An Overview of Programmable Logic Controllers (PLC)

PROGRAMMABLE LOGIC CONTROLLER (PLC) is an industrial computer control system that continuously monitors the status of input devices and makes decisions based on a specific program to control the status of output devices. Almost any area, machine performance or process can be significantly improved with this type of control system. But the biggest benefit of using a PLC is the ability to modify and simulate a process or processes while collecting and reporting important data. Another advantage of PLC systems is that they are modular. This means you can mix and match input and output device types to best suit your application.

PLC is also used to exchange information between industrial equipment or from a facility to a central location, usually via a PC. PLC is often used to monitor and report equipment, diagnose malfunctions in hardware such as machinery and equipment, and perform event processing.


A typical PLC is connected to a power supply and consists of a central processing unit (CPU), a mounting rack, read-only memory (ROM), random access memory (RAM), input/output (I/O) modules, a power supply, and a programming device.

The power supply unit converts alternating current (AC) to direct current (DC). Most of the PLC works in direct current but some of them operates in alternating current also.

  • Rack

A PLC rack is a chassis with which other components are connected. The connected components in a PLC rack are grouped into three sections: the CPU, multiple I/O modules, and the power source.

  • CPU

The central processing unit (CPU) plays crucial role in the plc system. A CPU has two operating modes: programming mode and execution mode. In program initialization mode, the CPU extracts logic from program initialization instructions created by the user on the computer. In run mode, the CPU executes the logic. The CPU controls all PLC operations according to program initialization instructions stored in memory.

A PLC receives data from input devices by the help of I/O modules. The concept of sensing data refers to the nature of PLC input data which comes in the form of electronic signals.

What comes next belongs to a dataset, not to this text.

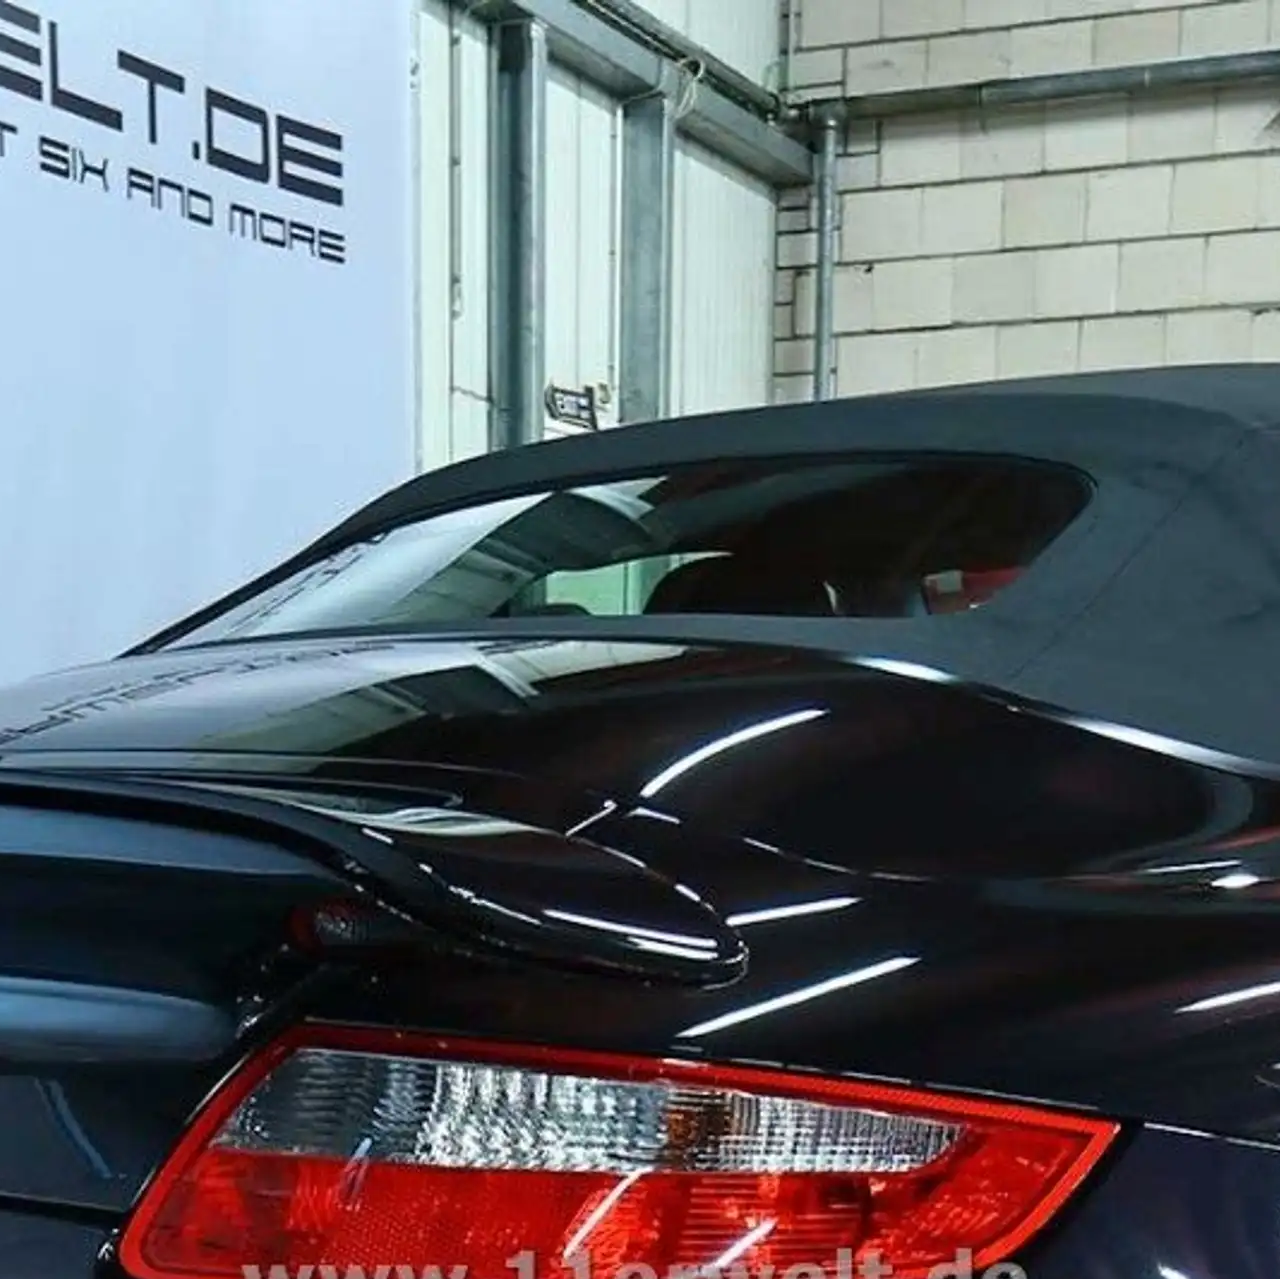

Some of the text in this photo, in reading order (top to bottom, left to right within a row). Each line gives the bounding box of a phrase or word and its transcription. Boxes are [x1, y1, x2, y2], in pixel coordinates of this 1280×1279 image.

[38, 135, 110, 192] SIX
[126, 167, 214, 226] AND
[228, 203, 346, 264] MORE

Digital input module handles discrete signals, for example on/off signals. Analog input module convert voltage into numbers the CPU can understand.

Digital output module turns devices on and off, for example a light. Analog output modules convert digital numbers to voltage, for example to drive machinery.

PLCs can make logical decisions and perform actions based on the input data they receive, for example processing input data and sending processed data to an output device. The processing of input data is executed by a programming device.

ROM stores information about the operating system and drivers. RAM stores the state and details of input and output data and program information.


There are four main steps in any PLC process; Scan input, scan software, print output and homework. These steps are repeated every time.

Four Steps In The PLC Operations

1.) Input Scan

•Detects the state of all input devices that are connected to the PLC

2.) Program Scan

•Executes the user created program logic

3.) Output Scan

•Energizes or de-energize all output devices that are connected to the PLC.

4.) logic scan

•This step includes communications with programming    terminals, internal diagnostics, etc…


PLC programming uses a ladder logic programming language, but other languages ​​such as block diagram, structured text, sequential function chart, and instruction list are also used. Logic uses a schematic diagram based on a circuit diagram to represent and express the logic of operations in a PLC software program. Logical level code is similar to an electrical diagram.


  • Reliability: PLC is designed to be rugged and reliable, making it suitable for industrial applications. The probability of failure is less than other control systems. PLC can be programmed to perform multiple functions, increasing reliability.
  • Flexibility: PLC can be easily customized according to needs and requirements. It is flexible and can perform different functions according to the logic of the program.
  • Ease of Use: PLCs are especially easy to use compared to other industrial control systems. They use a proprietary programming language and most have a user-friendly interface for easy programming and troubleshooting.
  • Cost-Effectiveness: PLC is generally more cost effective than other control systems. PLCs offer an economical solution in the field of installation, maintenance and repair. LCs are generally more cost-effective than other control systems.
  • Security features:
    The PLC may include safety features to protect personnel and equipment. For example, they can stop the process in special cases (e.g. machine overheating or an accident).
  • Scalability
    The PLC can be scaled up or down depending on the complexity of the control system. Whether the program is simple or complex, PLC can handle it.
  • Improve response time:
    PLC provides timely control by responding quickly to input signals. This fast response time is important for critical applications.
  • durability:
    PLC is built to withstand harsh industrial environments such as extreme temperatures, humidity and vibration.
  • Data collection and processing:
    PLC can collect data from sensors and devices, which helps with monitoring and efficiency. They process this information carefully to make informed decisions.
  • Remote access:
    PLC enables remote monitoring and adjustment necessary for maintenance and troubleshooting.